The big-picture idea is that changing the behaviors that get you into debt not only help get you out of it but also lead to a happier, less stressful life.

Mundis had an “ah-hah” moment while living in that tiny room in New York. After struggling with debt for so long, it dawned on him that the first step toward getting out of it was to stop incurring it. He wrote that the situation he found himself in had been the result of two decades of progressively increasing his debts, which grew with every passing day.

Mundis immediately stopped taking on debt, no matter what that meant. He didn’t pay for anything with a credit card. He skipped buying anything he didn’t immediately have the cash to pay for. He had to explain to his two sons that they wouldn’t receive Christmas presents from him that year because he couldn’t afford it. Refusing to go further into debt came with some hard decisions.

To illustrate what he meant by incurring no further debt, Mundis wrote about two people, Joanie and Ed, who wanted new televisions.

“If Joanie goes into a department store and buys a television for $600 and pays for it in cash or with a check or a debit card, she
just bought a television. She spent $600 to do it.
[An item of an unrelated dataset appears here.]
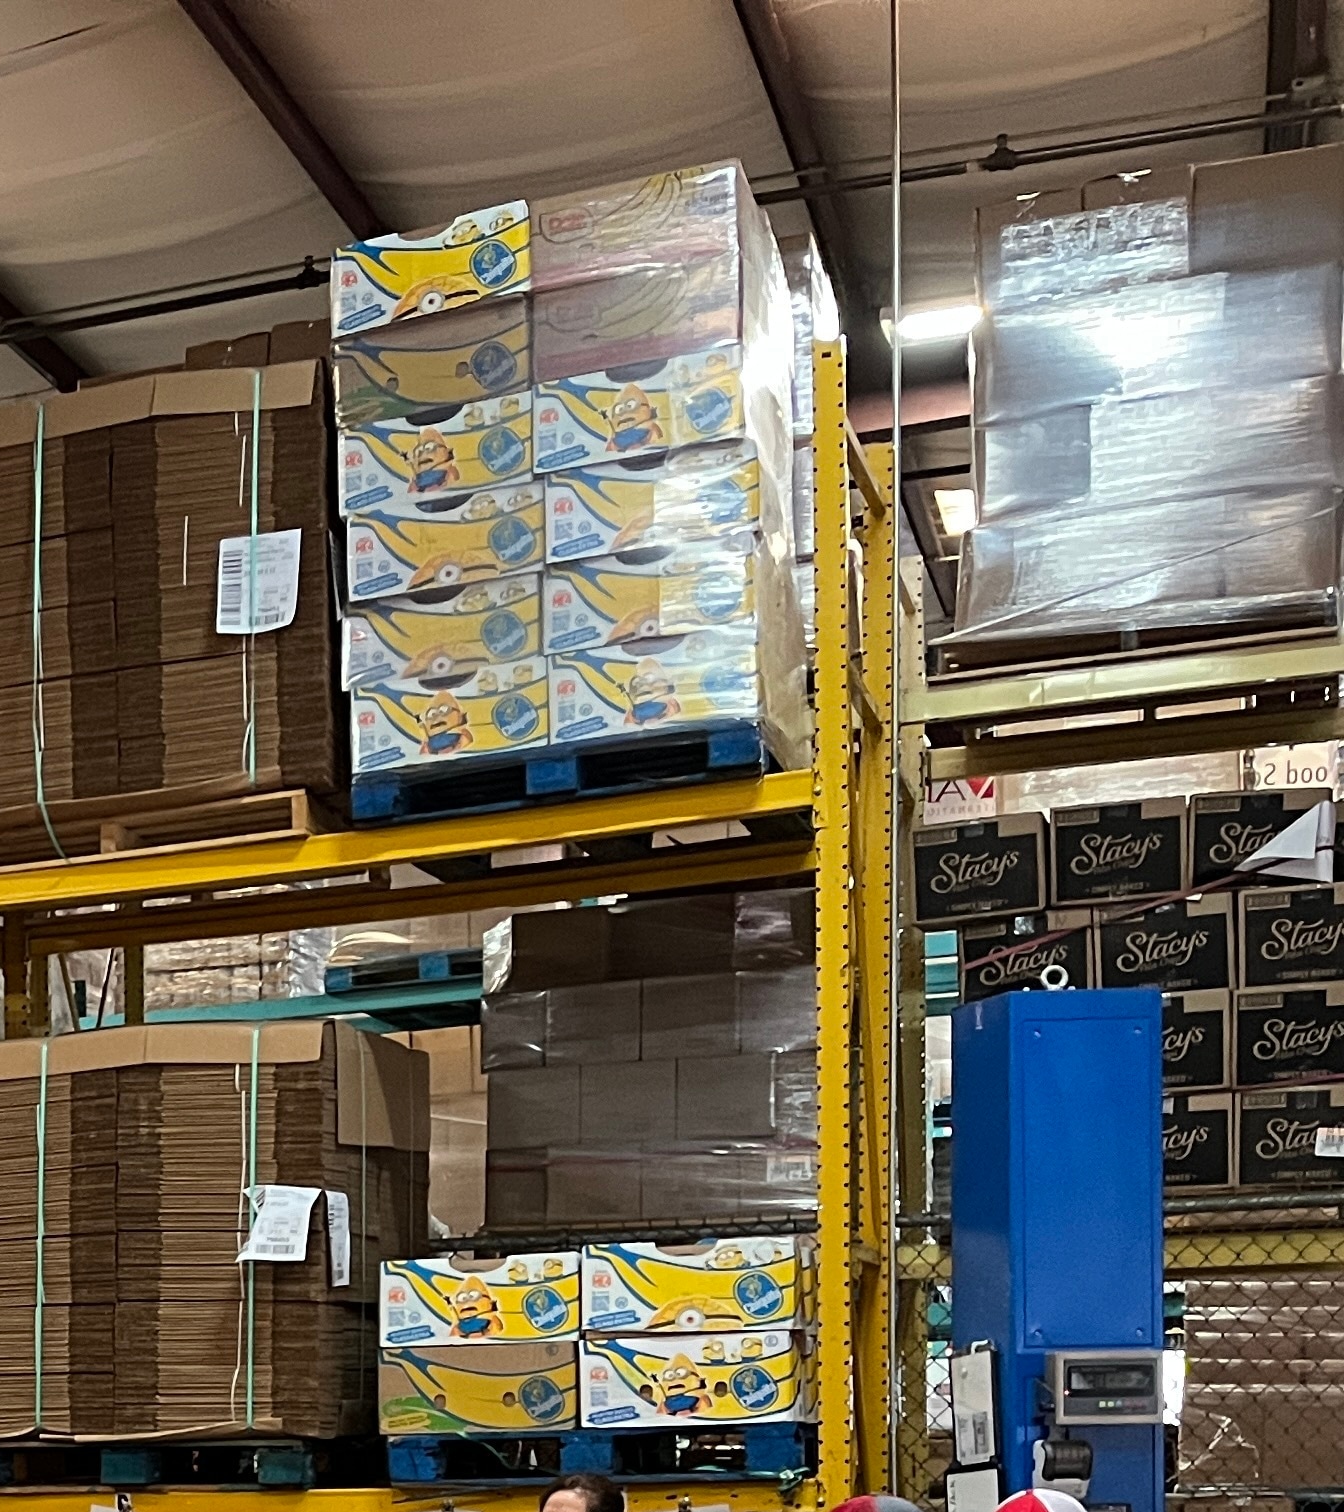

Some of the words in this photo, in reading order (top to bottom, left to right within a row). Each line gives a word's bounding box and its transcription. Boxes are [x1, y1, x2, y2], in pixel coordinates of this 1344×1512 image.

If Ed goes into the same department store and walks out with the
same model television but charges it to his store account or puts
it on a credit card, he did not just buy a television.

Joanie bought a television.

Ed borrowed $600.

Joanie spent some money.

Ed debted.

That’s what happened.”

It might seem strange to see the word “debt” being used as a verb, but it’s common in the Debtors Anonymous world. Recovering debtors seem to want to remind themselves that debt doesn’t just happen. It’s caused by specific behaviors and becomes a behavior itself.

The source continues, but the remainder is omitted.